Neu-Laxova Syndrome Is a Heterogeneous Metabolic Disorder Caused by Defects in Enzymes of the L-Serine Biosynthesis Pathway


Acuna-Hidalgo R., Schanze D., Kariminejad A., Nordgren A., Kariminejad M. H., Conner P., ...Daha Fazla

AMERICAN JOURNAL OF HUMAN GENETICS, cilt.95, sa.3, ss.285-293, 2014 (SCI-Expanded) identifier identifier identifier

  • Yayın Türü: Makale / Tam Makale
  • Cilt numarası: 95 Sayı: 3
  • Basım Tarihi: 2014
  • Doi Numarası: 10.1016/j.ajhg.2014.07.012
  • Dergi Adı: AMERICAN JOURNAL OF HUMAN GENETICS
  • Derginin Tarandığı İndeksler: Science Citation Index Expanded (SCI-EXPANDED), Scopus
  • Sayfa Sayıları: ss.285-293
  • Marmara Üniversitesi Adresli: Evet

Özet

Neu-Laxova syndrome (NLS) is a rare autosomal-recessive disorder characterized by a recognizable pattern of severe malformations leading to prenatal or early postnatal lethality.
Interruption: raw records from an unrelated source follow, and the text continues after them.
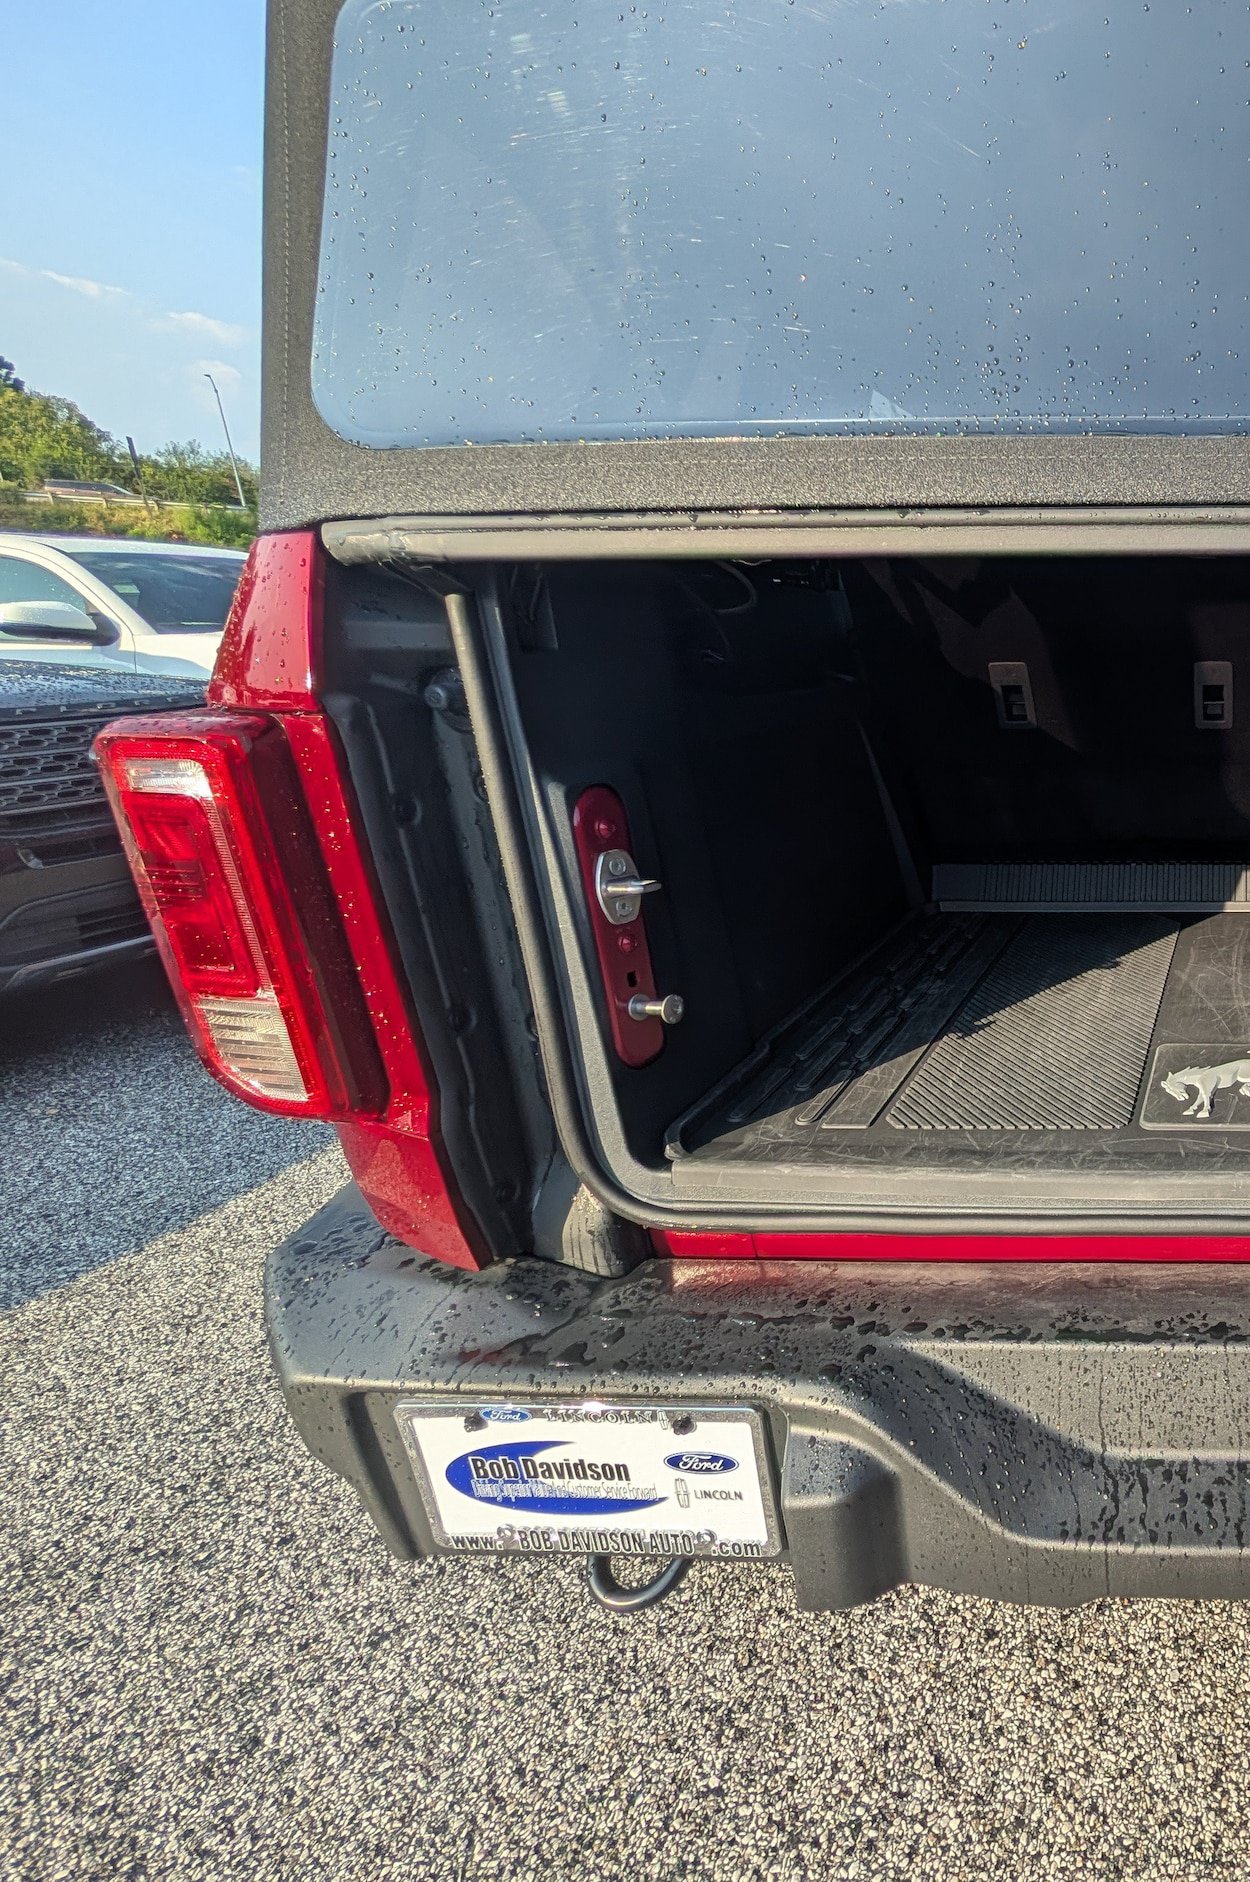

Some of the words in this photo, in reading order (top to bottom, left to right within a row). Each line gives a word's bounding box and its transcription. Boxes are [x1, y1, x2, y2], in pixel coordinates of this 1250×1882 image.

[543, 1408, 653, 1424] LINCOLN
[469, 1456, 520, 1480] Bob
[520, 1456, 631, 1481] Davidson
[679, 1454, 723, 1471] Ford
[601, 1482, 628, 1500] Service
[627, 1483, 658, 1501] Forward
[694, 1490, 743, 1501] LINCOLN
[451, 1535, 504, 1550] www.
[518, 1529, 554, 1551] BOB
[557, 1530, 645, 1553] DAVIDSON
[650, 1532, 695, 1556] AUTO
[711, 1541, 762, 1557] .com
Homozygous mutations in PHGDH, a gene involved in the first and limiting step in L-serine biosynthesis, were recently identified as the cause of the disease in three families. By studying a cohort of 12 unrelated families affected by NLS, we provide evidence that NLS is genetically heterogeneous and can be caused by mutations in all three genes encoding enzymes of the L-serine biosynthesis pathway. Consistent with recently reported findings, we could identify PHGDH missense mutations in three unrelated families of our cohort. Furthermore, we mapped an overlapping homozygous chromosome 9 region containing PSAT1 in four consanguineous families. This gene encodes phosphoserine aminotransferase, the enzyme for the second step in L-serine biosynthesis. We identified six families with three different missense and frameshift PSAT1 mutations fully segregating with the disease. In another family, we discovered a homozygous frameshift mutation in PSPH, the gene encoding phosphoserine phosphatase, which catalyzes the last step of L-serine biosynthesis. Interestingly, all three identified genes have been previously implicated in serine-deficiency disorders, characterized by variable neurological manifestations. Our findings expand our understanding of NLS as a disorder of the L-serine biosynthesis pathway and suggest that NLS represents the severe end of serine-deficiency disorders, demonstrating that certain complex syndromes characterized by early lethality could indeed be the extreme end of the phenotypic spectrum of already known disorders.